I believe the original post stated budgetary constraints. So, taking the roll of the Devil's Advocate (somebody's gotta do it) here goes:
There's three main issues:
1. Intensity control. Unless you rig up a high-wattage dimmer circuit (which costs $$$) your only control over a work light is to adjust distance between it and the subject. That may be difficult/impossible unless one has a lot of space.
Peter: A 300W Home Depot worklight is adequately dimmed by a $6 Home Depot Dimmer. Actually, you could dim several of them from the same dimmer, should you want to.
2. Modifiers. Attaching gels, grids, softboxes, etc to work lights is difficult to do without overheating the fixture and risking a fire hazard, and you have to design all of your own attachment hardware, which takes time and $ to build.
Peter: Abslolutely true. However, with resourcefulness and patience, scrims and flags can be implemented at essentially zero cost. Bouncing, perhaps the simplest and easiest way of generating soft light is about as simple as it gets. Use a wall.
JW: Shooting with a bare bulb tends to result in harsh, unflattering light not well-suited for portraits.
Peter: Maybe. Depends on the lighting style you're after. Bare bulb shooting (point source) also leds itself to creative shadow generation, something that's much more difficult to make and is much more uncontrollable with soft light. Study the work of BW cinematographers from the 30's and 40's for examples of hard light (point source) creativity. It's not soft, but it looks great.

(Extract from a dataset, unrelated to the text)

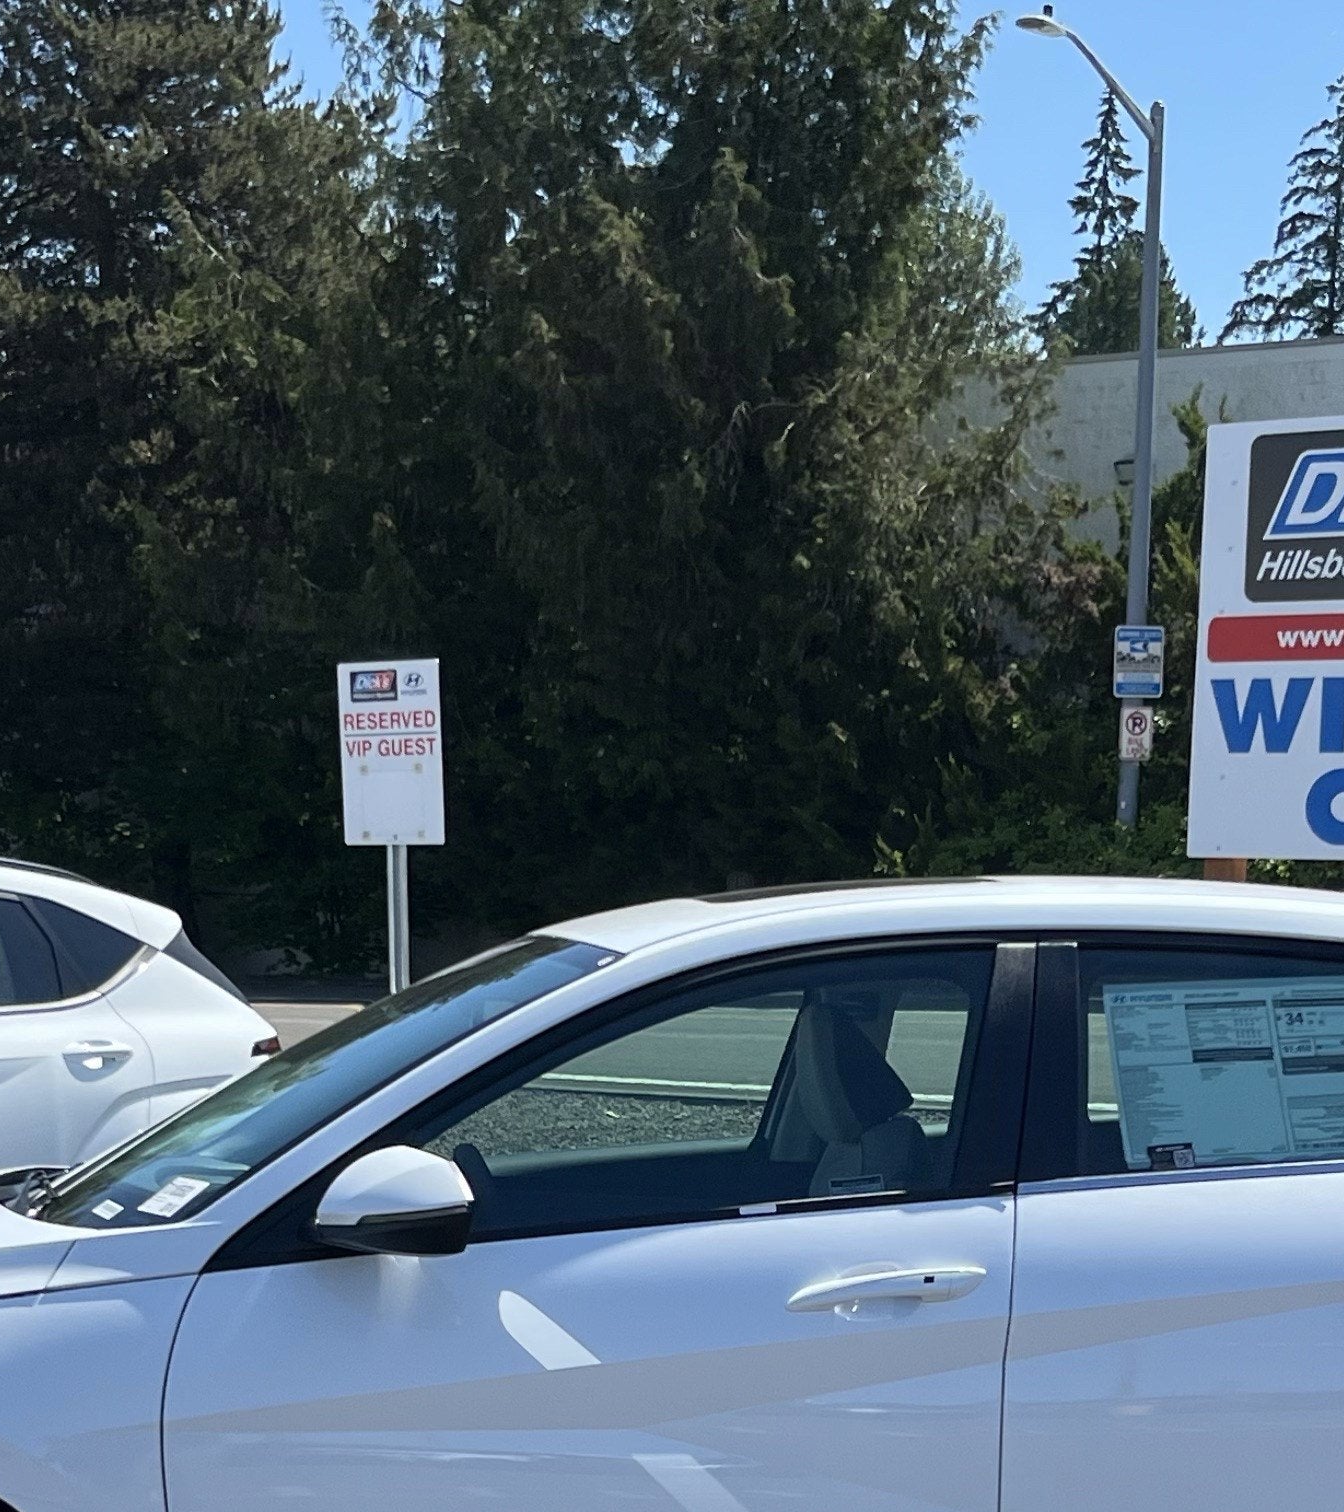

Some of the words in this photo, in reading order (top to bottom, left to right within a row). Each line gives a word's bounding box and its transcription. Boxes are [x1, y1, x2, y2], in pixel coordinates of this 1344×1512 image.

JW: 3. Heat. In a portrait lighting situation, your subject's going to be a lot closer to the business end of the lights than in a typical work situation, and your he/she will get hot, sweaty, and uncomfortable rather quickly.

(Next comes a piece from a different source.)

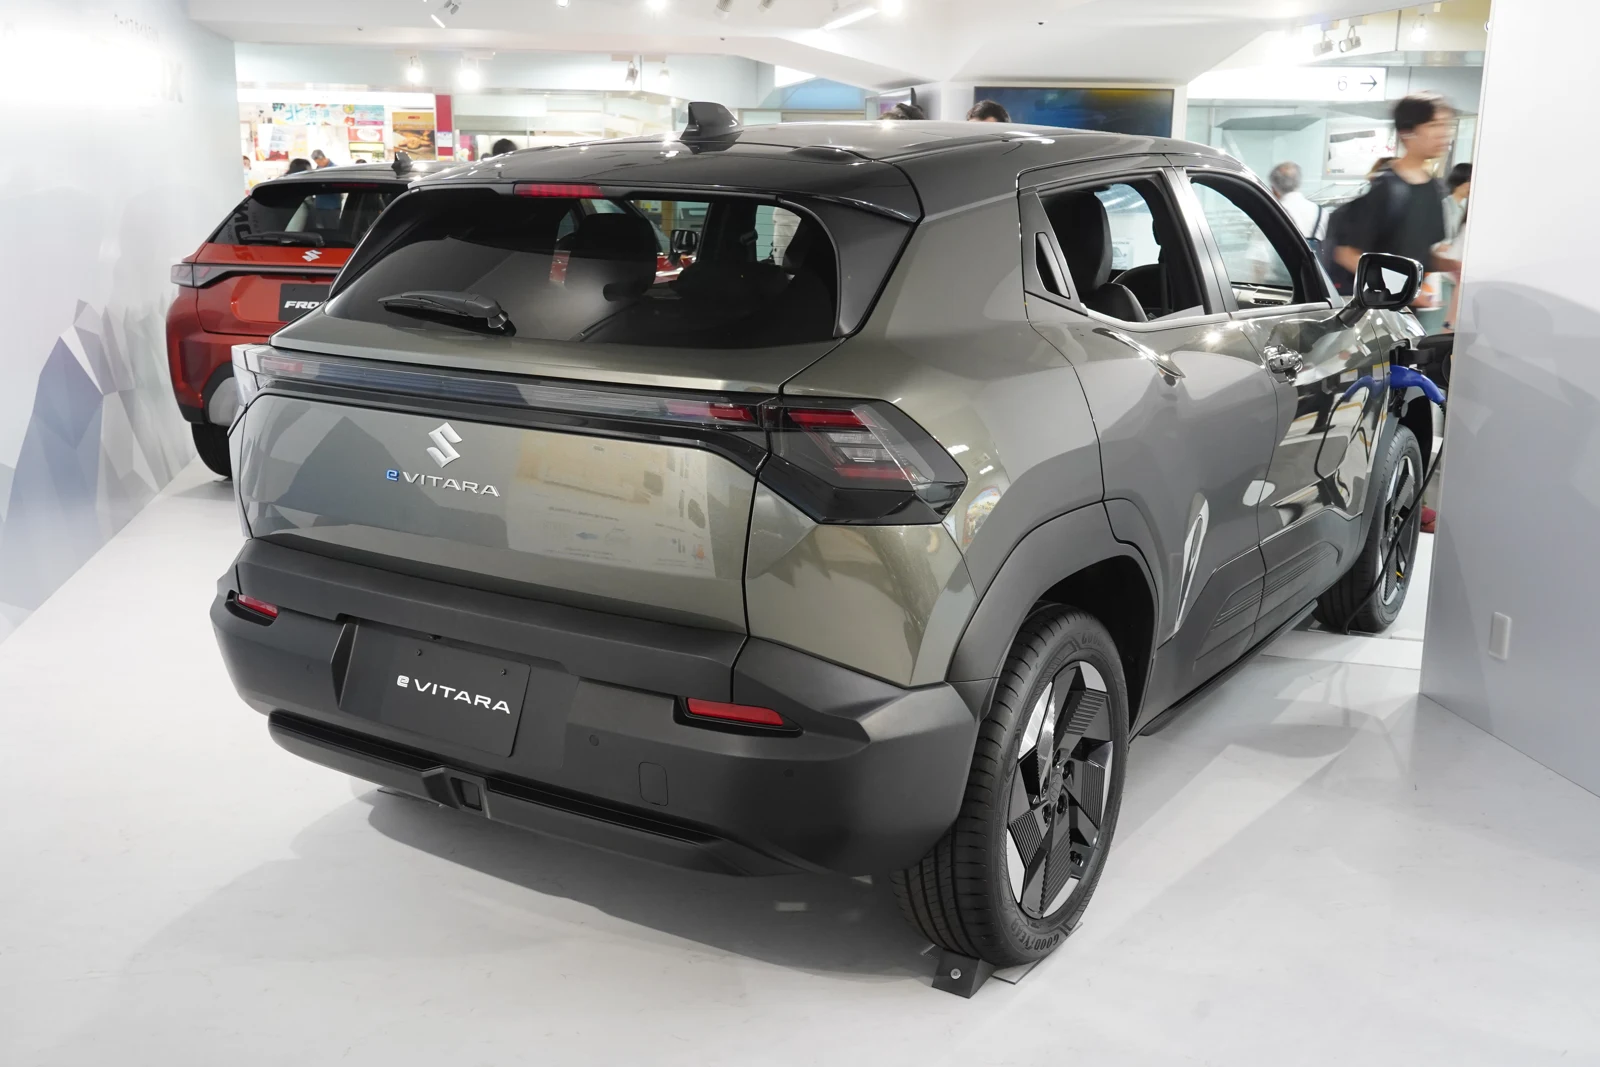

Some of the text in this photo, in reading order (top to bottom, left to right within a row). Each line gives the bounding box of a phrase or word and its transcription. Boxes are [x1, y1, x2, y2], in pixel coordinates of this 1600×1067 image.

[284, 300, 324, 309] FRO
[402, 471, 501, 498] VITARA
[414, 678, 511, 715] VITARA

Peter: Also true. Maybe. Depends on how big the room is, how many watts the lights are and how much they're dimmed.
The bottom line is that you can do whatever you want; this is a free country. But by the time you factor in all of the disadvantages and mounting hardware and extra labor involved in getting good portraits from work lights, you're not really saving much over strobes unless your time is worth zero.
* Not everyone can afford to spend hundreds on perfect tools.
* Time experimenting with unconventional solutions can result in huge leaps of learning, especially with regard to lighting.
* Safety is paramount, of course. Nothing you do should endanger anyone or anything. Common sense applies here.
I'm currently fooling around with lighting things with a single point source white LED that probably disappates about 1 microwatt. I'm learning lots and having fun, but I'm not trying to sell these images, nor am I keeping track of the time spent having fun.